■ TASK DESCRIPTION: Restate the data word for word. Leave the pictures out.

*** RECORDS PROVIDED ***

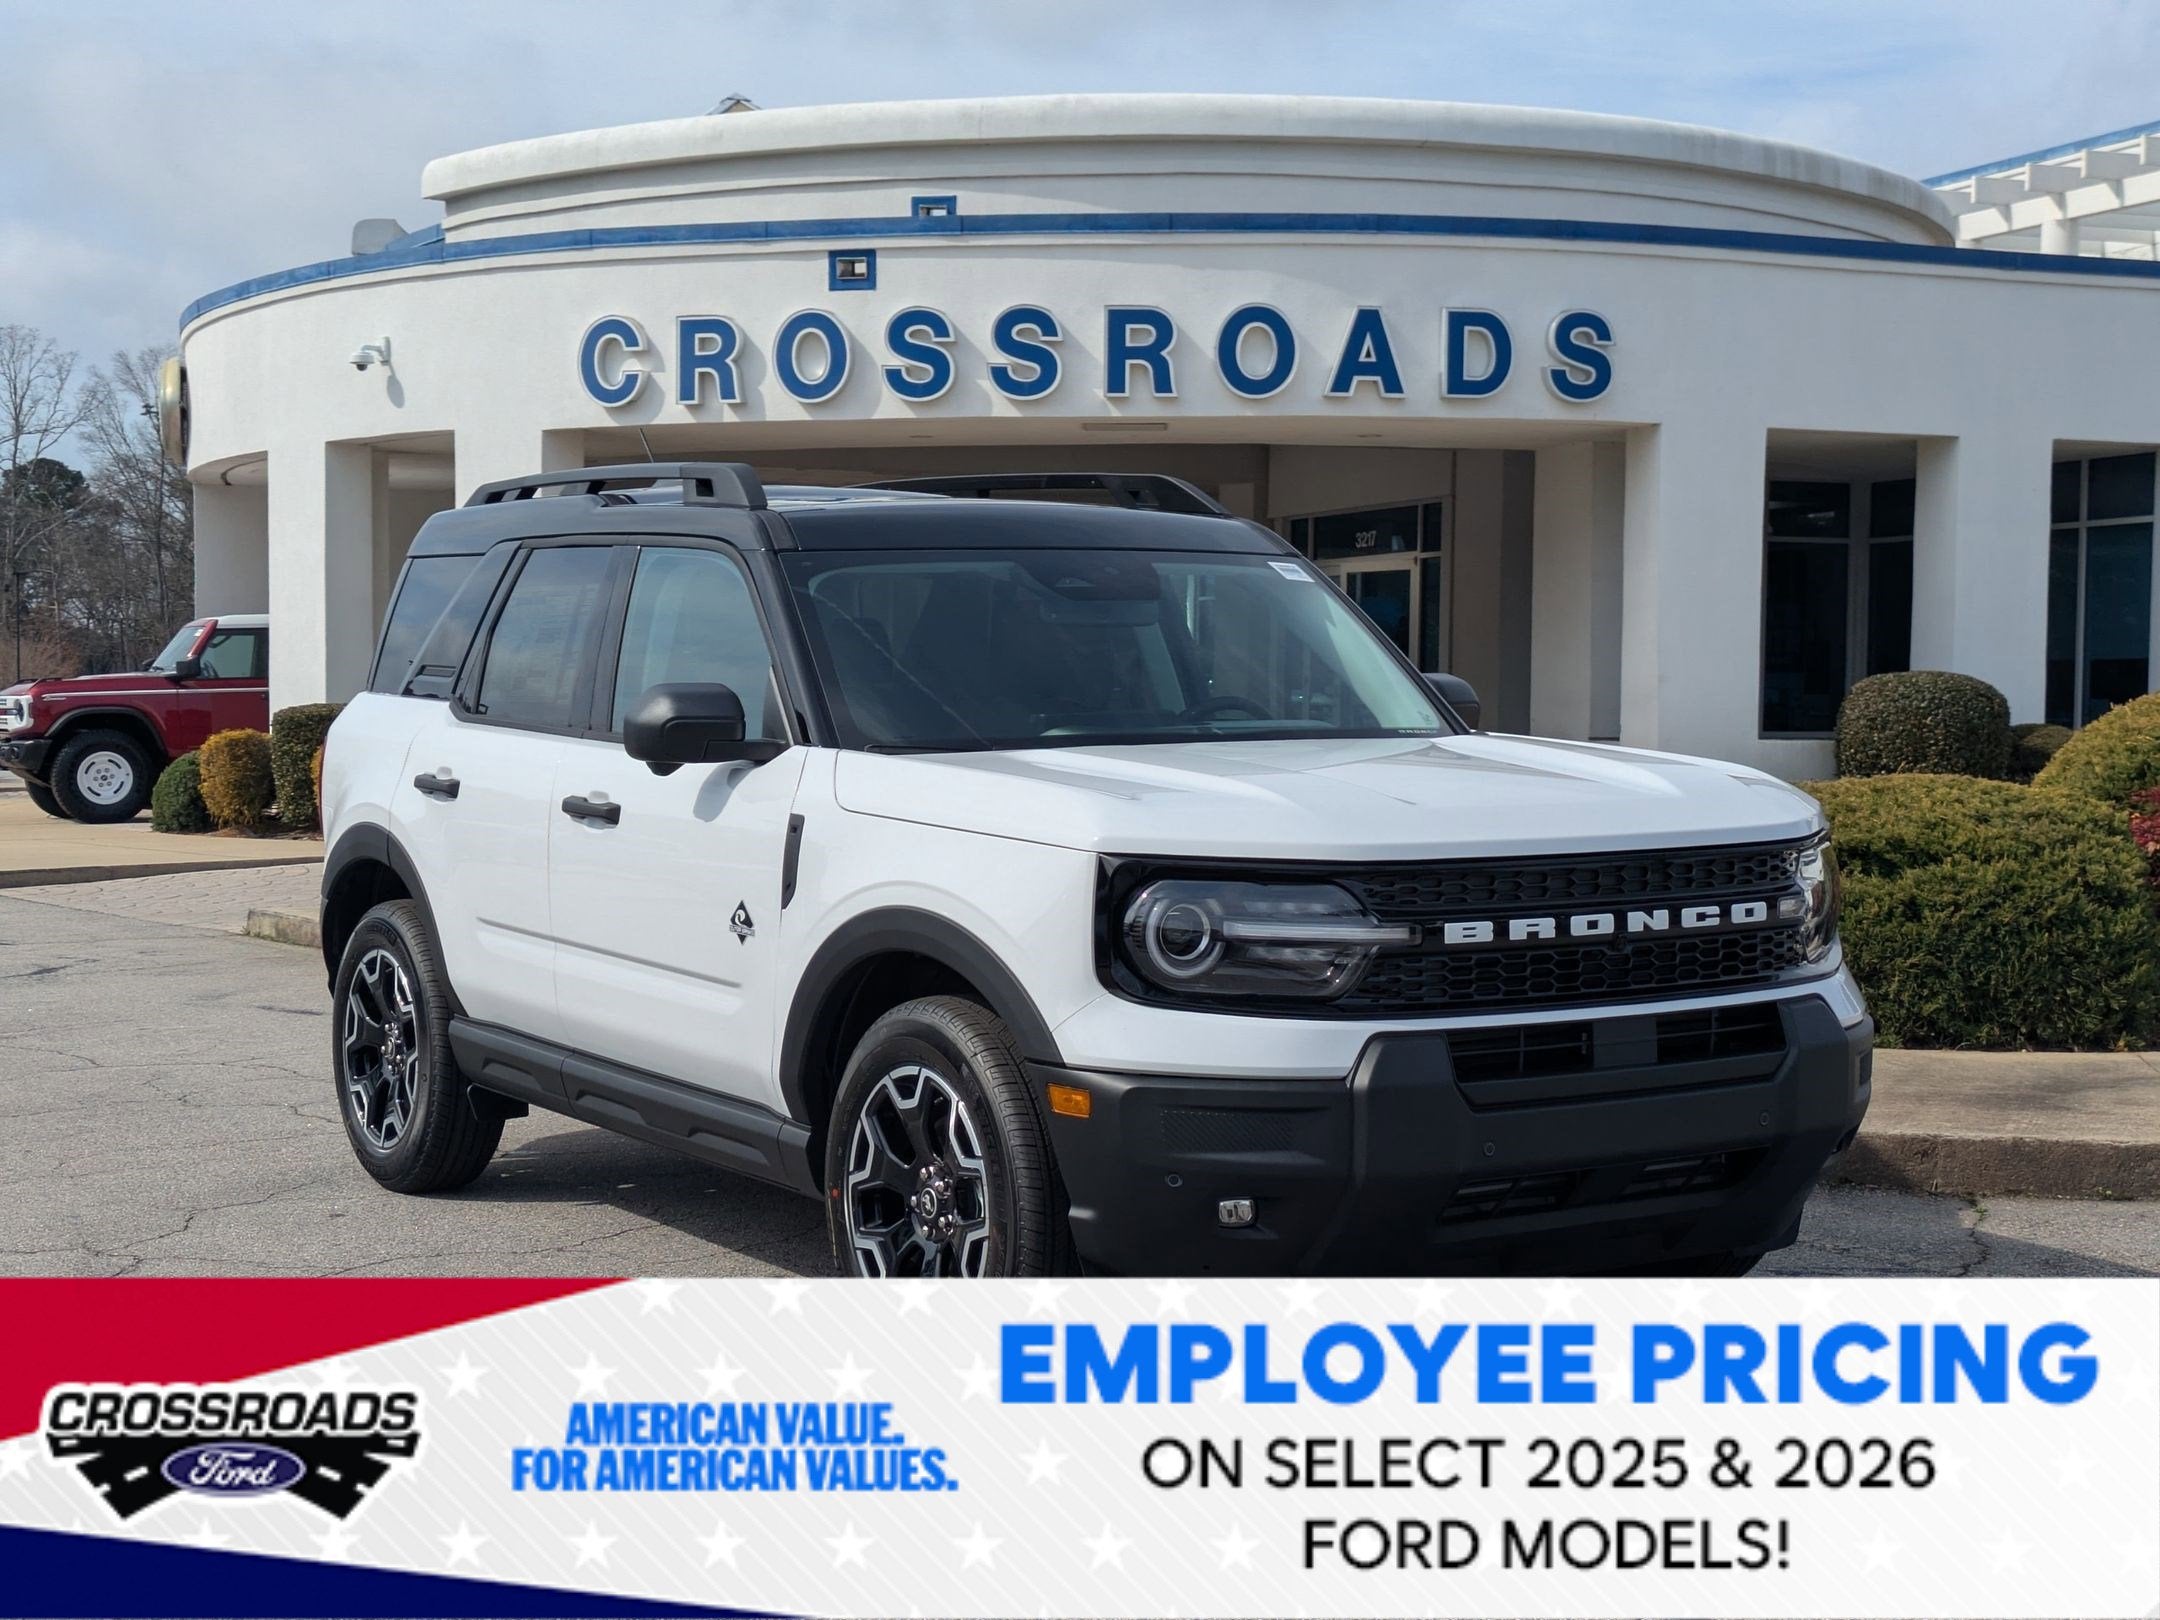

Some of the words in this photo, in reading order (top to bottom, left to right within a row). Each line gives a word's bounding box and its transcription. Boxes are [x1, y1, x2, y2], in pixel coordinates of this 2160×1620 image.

[578, 302, 1615, 406] CROSSROADS
[1355, 531, 1376, 548] 3217
[1444, 901, 1767, 944] BRONCO
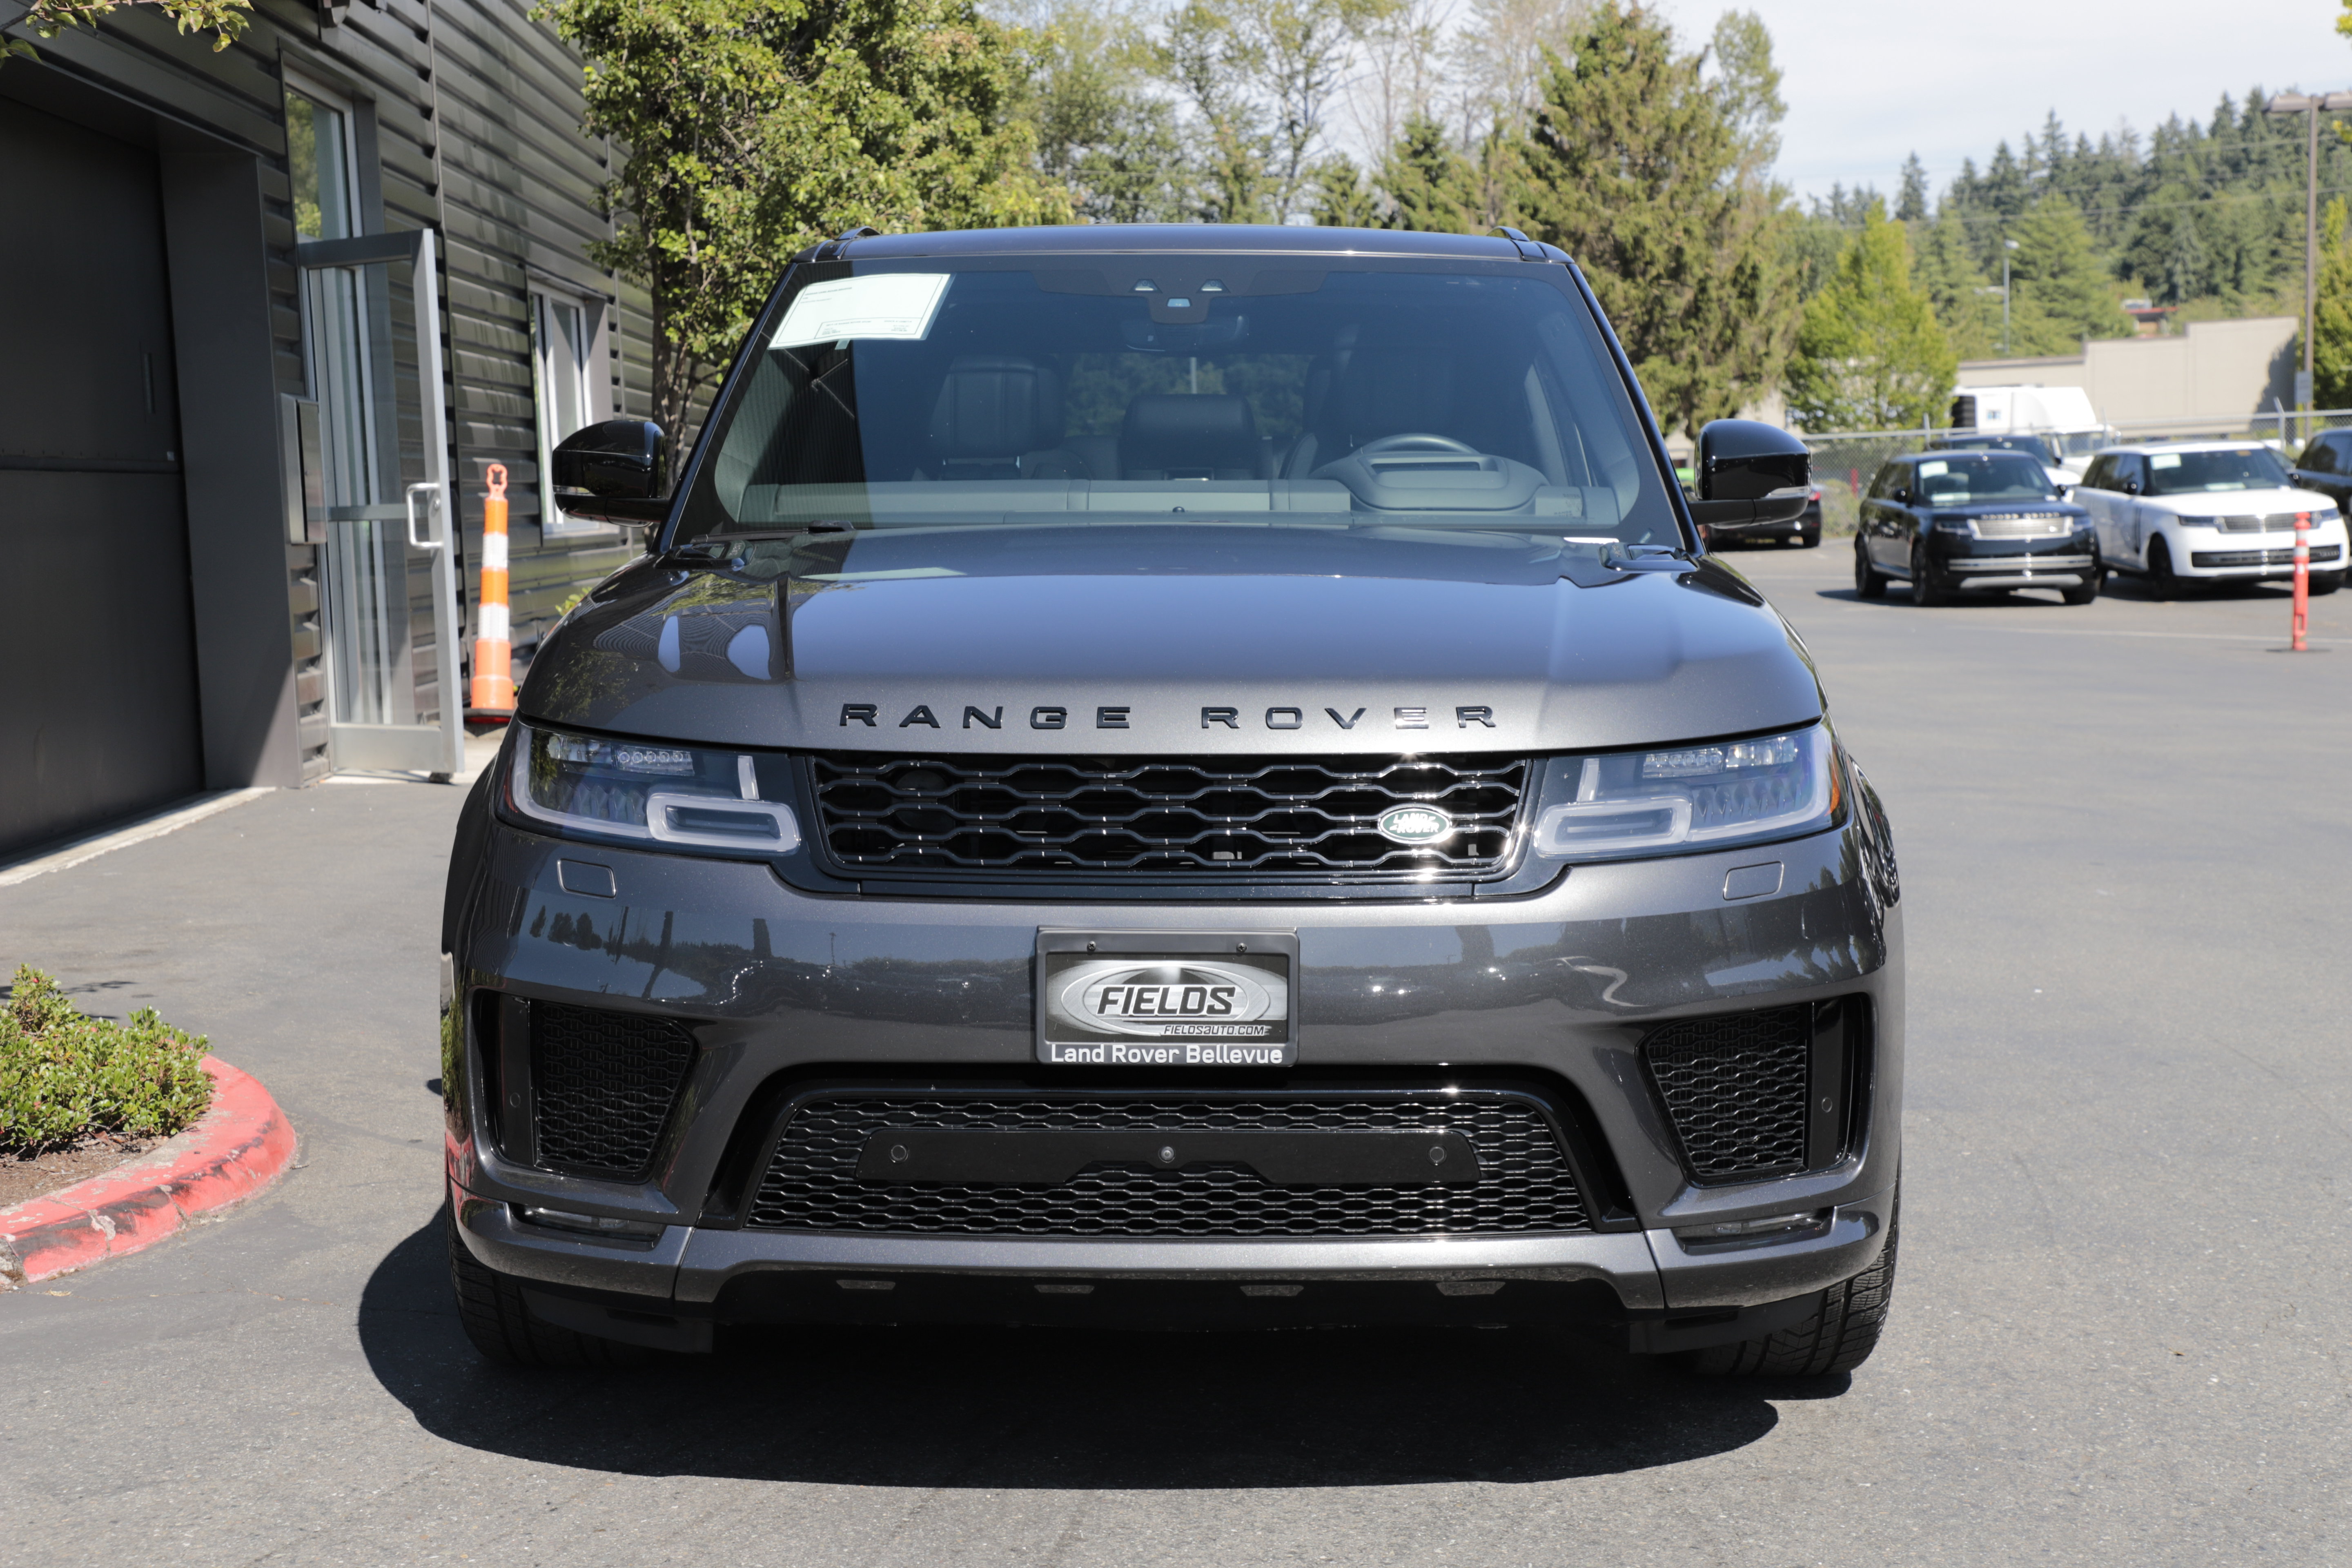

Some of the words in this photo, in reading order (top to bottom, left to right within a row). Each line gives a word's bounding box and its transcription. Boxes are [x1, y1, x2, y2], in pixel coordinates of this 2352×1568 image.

***

■ RESPONSE TO THIS EXERCISE:
Some of the words in this photo, in reading order (top to bottom, left to right within a row). Each line gives a word's bounding box and its transcription. Boxes are [x1, y1, x2, y2], in pixel coordinates of this 2160×1620 image.

[578, 302, 1615, 406] CROSSROADS
[1355, 531, 1376, 548] 3217
[1444, 901, 1767, 944] BRONCO

Some of the words in this photo, in reading order (top to bottom, left to right within a row). Each line gives a word's bounding box and its transcription. Boxes are [x1, y1, x2, y2], in pixel coordinates of this 2352×1568 image.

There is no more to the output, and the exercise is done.